South Africa’s xenophobic attacks make ‘Sarafina’ look like bad joke

The xenophobic attack in South Africa has triggered various reactions and emotions from local citizens and netizens worldwide.

Nigeria, being the most affected or targeted, has begun repudiations in equal measures leaving other countries helplessly puzzled.

As drums of vengeance and angst boils in Nigeria, introspection is inevitable to both individuals and government.

This matter, unchecked or unbridled, may propagate Africa to a state of animosity never witnessed and reorient the sub-Saharan region into a gulag.

Major world problems today, including hunger, stem from the adverse or extreme levels of wanton corruption, perjury, mass murders, religious intolerance, ignorance, disease, poverty and plunder.

Death of individuals, states, dreams, values and of humanity, needless to add that extremes of what hate can stew, is prevalent in South of Africa.

South Africans are not just killing foreigners but their Bantu brothers and sisters, who are evenly spread across Africa.

They are killing mothers and fathers of innocent children whose only mistake was to dare settle there to fend for their families.

Their other mistake, perhaps, was to perceive, like most of us, that South Africa is a land of great freedom fighters like Madiba.

The land of Tata, who spent 27 years incarcerated for a goal humane and just. His fight was for humanity.

Ironically, some of the recent crop of emerging leaders of South Africa, like Julius Malema, are on record as advocating a united African front.

It is all gnats buzz, to say the least, for how is a united Africa possible when the few Africans at the southern tip are being hacked to death or set ablaze on flames of profanity.

Do you realise that Sarafina was a big joke? The movie was a lie to society. It was a hoax!

You see, the South Africans have clearly gone against the natural laws of growth and expansion.

Consequently, the eruption of the barbaric opprobria from the south should only lead us to thoroughly reflect as Kenyans.

To reflect upon the lives we impact and upon the kind of leaders we elect, and pick them based more on what they do and not merely what they say.

Nobody should ever purport to want the best for yourself than you would want it your own self.

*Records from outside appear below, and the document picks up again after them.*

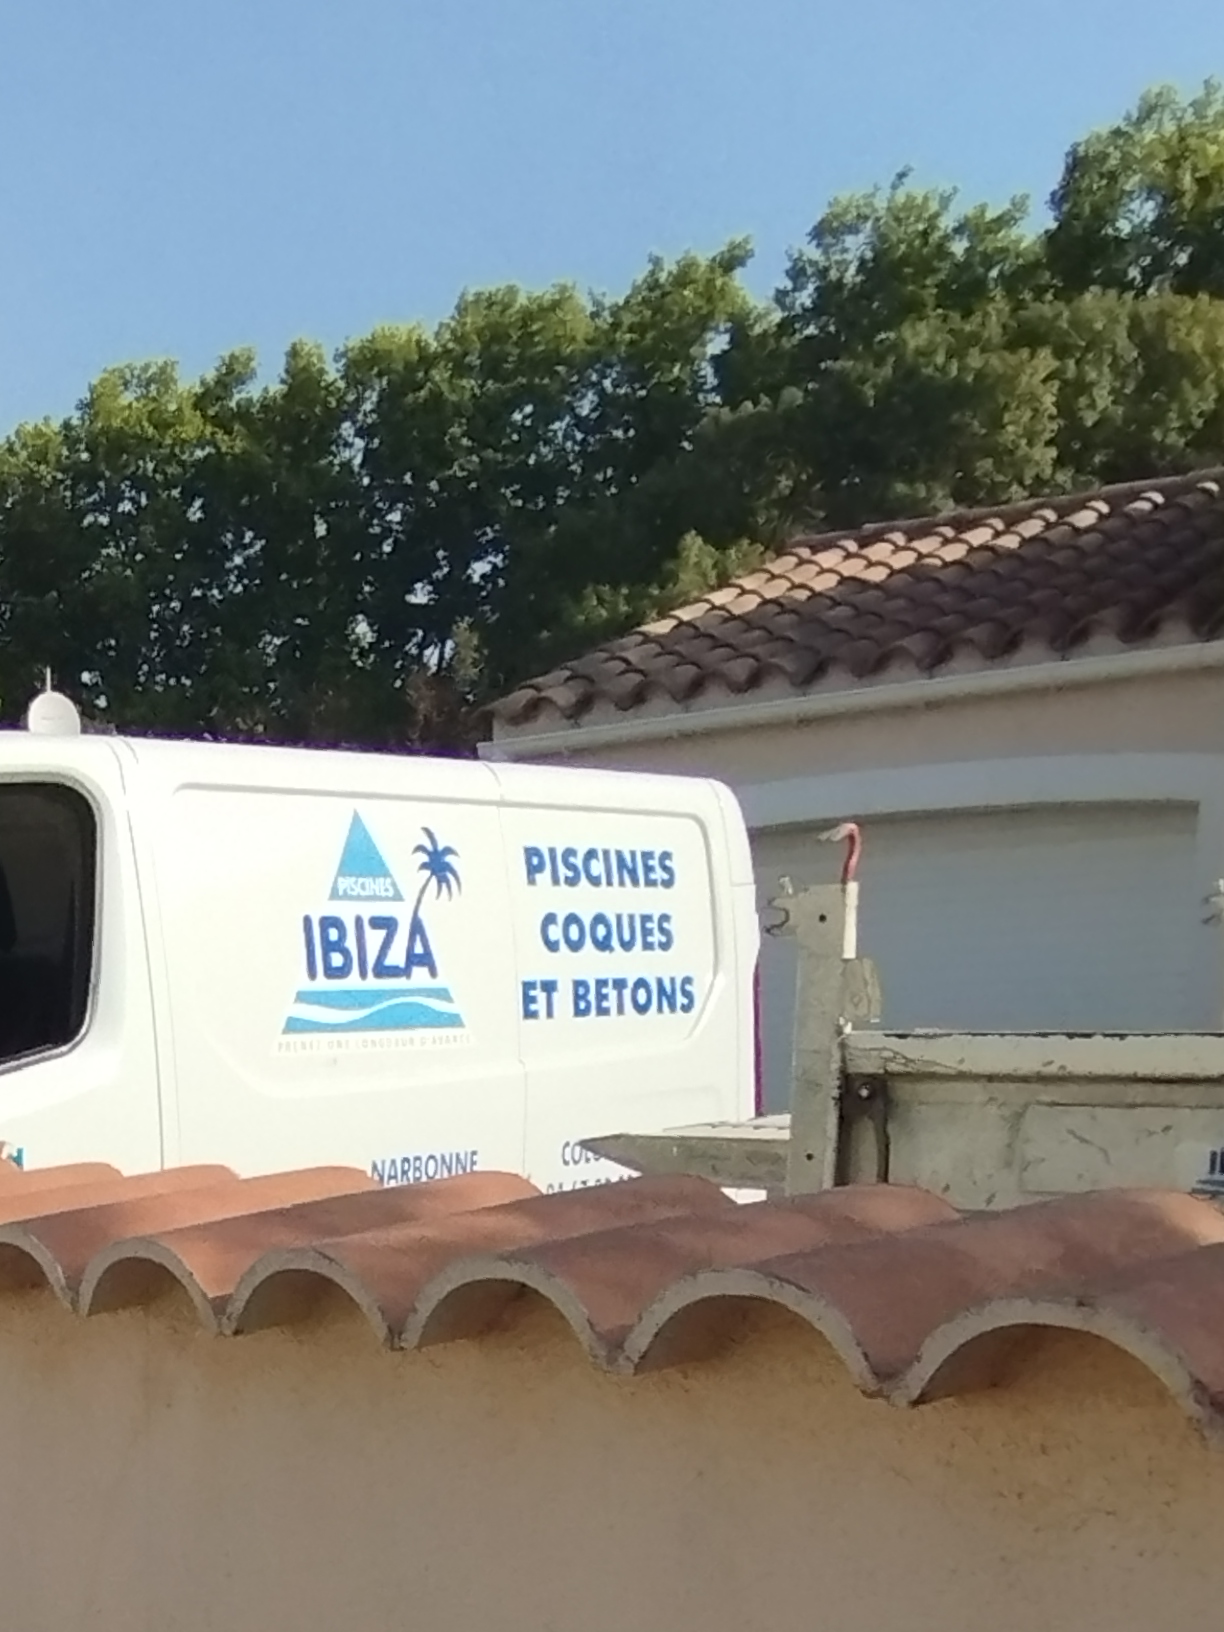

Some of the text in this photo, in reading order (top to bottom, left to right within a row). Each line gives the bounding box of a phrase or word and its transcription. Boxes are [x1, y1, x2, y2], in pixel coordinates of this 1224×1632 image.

[338, 876, 394, 898] PISCINES
[523, 846, 675, 889] PISCINES
[303, 914, 438, 981] IBIZA
[540, 912, 674, 954] COQUES
[522, 975, 695, 1020] ET BETONS
[370, 1150, 478, 1186] NARBONNE

That is to essentially say that nobody has the right to impose on you rules or laws that they think is best for you; since the big decision on how you live life should come from you who builds the social fabric to a larger network of society.

It is always important to recognise the fact that any man is a free being by divine ordination and that the key role of the government is to protect and to uphold law and order.

Therefore, any welfare roles it plays outside the core should always be subjected to deeper scrutiny by subjects and, more so, when life lived is in constant contradictions to what we profess as a nation.

It is time to reflect more on the causes than effects.